* **DATA FOR ANALYSIS**:
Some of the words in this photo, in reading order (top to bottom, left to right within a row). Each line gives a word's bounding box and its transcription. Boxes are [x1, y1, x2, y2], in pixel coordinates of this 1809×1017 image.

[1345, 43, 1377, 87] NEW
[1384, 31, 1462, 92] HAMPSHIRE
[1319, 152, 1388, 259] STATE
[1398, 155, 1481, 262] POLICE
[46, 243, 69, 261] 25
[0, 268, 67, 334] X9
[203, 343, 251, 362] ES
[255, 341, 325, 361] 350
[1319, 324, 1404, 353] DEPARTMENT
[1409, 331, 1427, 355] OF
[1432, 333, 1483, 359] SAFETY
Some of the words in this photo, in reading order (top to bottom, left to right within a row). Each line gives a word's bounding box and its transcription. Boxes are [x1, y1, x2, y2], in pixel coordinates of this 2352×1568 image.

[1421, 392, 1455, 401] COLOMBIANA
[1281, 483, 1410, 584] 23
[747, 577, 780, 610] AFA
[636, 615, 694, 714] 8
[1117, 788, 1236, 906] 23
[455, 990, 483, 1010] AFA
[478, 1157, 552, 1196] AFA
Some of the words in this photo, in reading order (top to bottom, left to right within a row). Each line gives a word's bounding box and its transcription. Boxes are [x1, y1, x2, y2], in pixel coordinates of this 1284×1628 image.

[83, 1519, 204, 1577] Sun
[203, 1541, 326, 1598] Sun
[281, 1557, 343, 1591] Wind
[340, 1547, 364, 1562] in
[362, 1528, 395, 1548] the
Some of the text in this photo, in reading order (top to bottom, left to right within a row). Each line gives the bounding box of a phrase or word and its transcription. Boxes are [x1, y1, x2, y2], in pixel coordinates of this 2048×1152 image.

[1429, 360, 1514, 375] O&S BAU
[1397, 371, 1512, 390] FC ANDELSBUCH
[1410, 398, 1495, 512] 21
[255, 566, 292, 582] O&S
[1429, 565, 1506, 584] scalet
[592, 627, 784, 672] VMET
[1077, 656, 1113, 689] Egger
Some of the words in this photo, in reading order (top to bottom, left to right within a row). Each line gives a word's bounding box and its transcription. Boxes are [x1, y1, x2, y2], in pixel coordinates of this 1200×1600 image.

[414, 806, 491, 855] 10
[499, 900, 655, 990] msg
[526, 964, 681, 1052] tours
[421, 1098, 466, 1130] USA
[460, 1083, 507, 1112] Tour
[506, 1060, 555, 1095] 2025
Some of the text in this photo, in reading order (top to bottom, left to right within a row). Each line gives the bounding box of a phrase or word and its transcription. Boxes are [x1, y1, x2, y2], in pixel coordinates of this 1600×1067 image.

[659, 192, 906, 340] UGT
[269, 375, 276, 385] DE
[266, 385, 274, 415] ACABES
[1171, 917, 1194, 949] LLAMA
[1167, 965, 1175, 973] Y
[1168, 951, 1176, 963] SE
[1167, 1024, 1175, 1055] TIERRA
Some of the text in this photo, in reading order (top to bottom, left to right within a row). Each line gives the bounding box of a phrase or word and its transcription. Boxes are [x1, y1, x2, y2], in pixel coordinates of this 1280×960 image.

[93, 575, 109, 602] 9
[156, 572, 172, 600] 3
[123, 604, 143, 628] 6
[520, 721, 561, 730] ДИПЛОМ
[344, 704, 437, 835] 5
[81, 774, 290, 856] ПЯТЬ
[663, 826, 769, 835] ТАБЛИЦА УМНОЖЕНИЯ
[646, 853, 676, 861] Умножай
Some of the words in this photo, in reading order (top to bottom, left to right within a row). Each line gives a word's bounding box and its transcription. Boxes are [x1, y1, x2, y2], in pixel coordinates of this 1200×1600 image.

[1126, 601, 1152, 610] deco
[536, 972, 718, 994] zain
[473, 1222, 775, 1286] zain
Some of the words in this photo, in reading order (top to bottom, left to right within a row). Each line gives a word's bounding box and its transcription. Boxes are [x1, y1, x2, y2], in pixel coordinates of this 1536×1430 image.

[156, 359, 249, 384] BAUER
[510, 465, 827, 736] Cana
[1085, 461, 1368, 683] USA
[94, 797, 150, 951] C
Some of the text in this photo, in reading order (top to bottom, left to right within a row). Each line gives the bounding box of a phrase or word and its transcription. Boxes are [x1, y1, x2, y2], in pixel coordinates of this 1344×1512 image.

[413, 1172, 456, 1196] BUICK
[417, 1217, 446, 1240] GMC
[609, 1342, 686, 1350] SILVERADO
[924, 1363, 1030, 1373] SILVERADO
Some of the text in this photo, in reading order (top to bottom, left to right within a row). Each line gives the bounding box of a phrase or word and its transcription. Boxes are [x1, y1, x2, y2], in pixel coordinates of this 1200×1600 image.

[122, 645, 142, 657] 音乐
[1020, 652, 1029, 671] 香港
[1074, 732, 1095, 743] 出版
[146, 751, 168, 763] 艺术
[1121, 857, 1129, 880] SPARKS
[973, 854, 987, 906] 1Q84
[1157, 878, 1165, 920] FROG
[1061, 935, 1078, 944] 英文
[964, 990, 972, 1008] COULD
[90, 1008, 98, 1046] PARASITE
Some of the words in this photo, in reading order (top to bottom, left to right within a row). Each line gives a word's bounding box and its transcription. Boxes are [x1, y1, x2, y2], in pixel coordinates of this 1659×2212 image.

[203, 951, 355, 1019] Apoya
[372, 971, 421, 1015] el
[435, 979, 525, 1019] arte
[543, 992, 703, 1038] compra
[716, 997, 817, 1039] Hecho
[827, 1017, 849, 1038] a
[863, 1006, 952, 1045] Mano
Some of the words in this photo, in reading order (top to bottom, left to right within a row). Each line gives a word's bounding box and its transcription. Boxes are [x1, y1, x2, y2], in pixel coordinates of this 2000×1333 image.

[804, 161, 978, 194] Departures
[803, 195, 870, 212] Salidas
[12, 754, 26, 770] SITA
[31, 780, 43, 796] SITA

* **WHAT YOU HAVE TO DO**: Please write out the data again exactly as it stands.

* **WRITTEN RESPONSE**:
Some of the words in this photo, in reading order (top to bottom, left to right within a row). Each line gives a word's bounding box and its transcription. Boxes are [x1, y1, x2, y2], in pixel coordinates of this 1809×1017 image.

[1345, 43, 1377, 87] NEW
[1384, 31, 1462, 92] HAMPSHIRE
[1319, 152, 1388, 259] STATE
[1398, 155, 1481, 262] POLICE
[46, 243, 69, 261] 25
[0, 268, 67, 334] X9
[203, 343, 251, 362] ES
[255, 341, 325, 361] 350
[1319, 324, 1404, 353] DEPARTMENT
[1409, 331, 1427, 355] OF
[1432, 333, 1483, 359] SAFETY
Some of the words in this photo, in reading order (top to bottom, left to right within a row). Each line gives a word's bounding box and its transcription. Boxes are [x1, y1, x2, y2], in pixel coordinates of this 2352×1568 image.

[1421, 392, 1455, 401] COLOMBIANA
[1281, 483, 1410, 584] 23
[747, 577, 780, 610] AFA
[636, 615, 694, 714] 8
[1117, 788, 1236, 906] 23
[455, 990, 483, 1010] AFA
[478, 1157, 552, 1196] AFA
Some of the words in this photo, in reading order (top to bottom, left to right within a row). Each line gives a word's bounding box and its transcription. Boxes are [x1, y1, x2, y2], in pixel coordinates of this 1284×1628 image.

[83, 1519, 204, 1577] Sun
[203, 1541, 326, 1598] Sun
[281, 1557, 343, 1591] Wind
[340, 1547, 364, 1562] in
[362, 1528, 395, 1548] the
Some of the text in this photo, in reading order (top to bottom, left to right within a row). Each line gives the bounding box of a phrase or word and its transcription. Boxes are [x1, y1, x2, y2], in pixel coordinates of this 2048×1152 image.

[1429, 360, 1514, 375] O&S BAU
[1397, 371, 1512, 390] FC ANDELSBUCH
[1410, 398, 1495, 512] 21
[255, 566, 292, 582] O&S
[1429, 565, 1506, 584] scalet
[592, 627, 784, 672] VMET
[1077, 656, 1113, 689] Egger
Some of the words in this photo, in reading order (top to bottom, left to right within a row). Each line gives a word's bounding box and its transcription. Boxes are [x1, y1, x2, y2], in pixel coordinates of this 1200×1600 image.

[414, 806, 491, 855] 10
[499, 900, 655, 990] msg
[526, 964, 681, 1052] tours
[421, 1098, 466, 1130] USA
[460, 1083, 507, 1112] Tour
[506, 1060, 555, 1095] 2025
Some of the text in this photo, in reading order (top to bottom, left to right within a row). Each line gives the bounding box of a phrase or word and its transcription. Boxes are [x1, y1, x2, y2], in pixel coordinates of this 1600×1067 image.

[659, 192, 906, 340] UGT
[269, 375, 276, 385] DE
[266, 385, 274, 415] ACABES
[1171, 917, 1194, 949] LLAMA
[1167, 965, 1175, 973] Y
[1168, 951, 1176, 963] SE
[1167, 1024, 1175, 1055] TIERRA
Some of the text in this photo, in reading order (top to bottom, left to right within a row). Each line gives the bounding box of a phrase or word and its transcription. Boxes are [x1, y1, x2, y2], in pixel coordinates of this 1280×960 image.

[93, 575, 109, 602] 9
[156, 572, 172, 600] 3
[123, 604, 143, 628] 6
[520, 721, 561, 730] ДИПЛОМ
[344, 704, 437, 835] 5
[81, 774, 290, 856] ПЯТЬ
[663, 826, 769, 835] ТАБЛИЦА УМНОЖЕНИЯ
[646, 853, 676, 861] Умножай
Some of the words in this photo, in reading order (top to bottom, left to right within a row). Each line gives a word's bounding box and its transcription. Boxes are [x1, y1, x2, y2], in pixel coordinates of this 1200×1600 image.

[1126, 601, 1152, 610] deco
[536, 972, 718, 994] zain
[473, 1222, 775, 1286] zain
Some of the words in this photo, in reading order (top to bottom, left to right within a row). Each line gives a word's bounding box and its transcription. Boxes are [x1, y1, x2, y2], in pixel coordinates of this 1536×1430 image.

[156, 359, 249, 384] BAUER
[510, 465, 827, 736] Cana
[1085, 461, 1368, 683] USA
[94, 797, 150, 951] C
Some of the text in this photo, in reading order (top to bottom, left to right within a row). Each line gives the bounding box of a phrase or word and its transcription. Boxes are [x1, y1, x2, y2], in pixel coordinates of this 1344×1512 image.

[413, 1172, 456, 1196] BUICK
[417, 1217, 446, 1240] GMC
[609, 1342, 686, 1350] SILVERADO
[924, 1363, 1030, 1373] SILVERADO
Some of the text in this photo, in reading order (top to bottom, left to right within a row). Each line gives the bounding box of a phrase or word and its transcription. Boxes are [x1, y1, x2, y2], in pixel coordinates of this 1200×1600 image.

[122, 645, 142, 657] 音乐
[1020, 652, 1029, 671] 香港
[1074, 732, 1095, 743] 出版
[146, 751, 168, 763] 艺术
[1121, 857, 1129, 880] SPARKS
[973, 854, 987, 906] 1Q84
[1157, 878, 1165, 920] FROG
[1061, 935, 1078, 944] 英文
[964, 990, 972, 1008] COULD
[90, 1008, 98, 1046] PARASITE
Some of the words in this photo, in reading order (top to bottom, left to right within a row). Each line gives a word's bounding box and its transcription. Boxes are [x1, y1, x2, y2], in pixel coordinates of this 1659×2212 image.

[203, 951, 355, 1019] Apoya
[372, 971, 421, 1015] el
[435, 979, 525, 1019] arte
[543, 992, 703, 1038] compra
[716, 997, 817, 1039] Hecho
[827, 1017, 849, 1038] a
[863, 1006, 952, 1045] Mano
Some of the words in this photo, in reading order (top to bottom, left to right within a row). Each line gives a word's bounding box and its transcription. Boxes are [x1, y1, x2, y2], in pixel coordinates of this 2000×1333 image.

[804, 161, 978, 194] Departures
[803, 195, 870, 212] Salidas
[12, 754, 26, 770] SITA
[31, 780, 43, 796] SITA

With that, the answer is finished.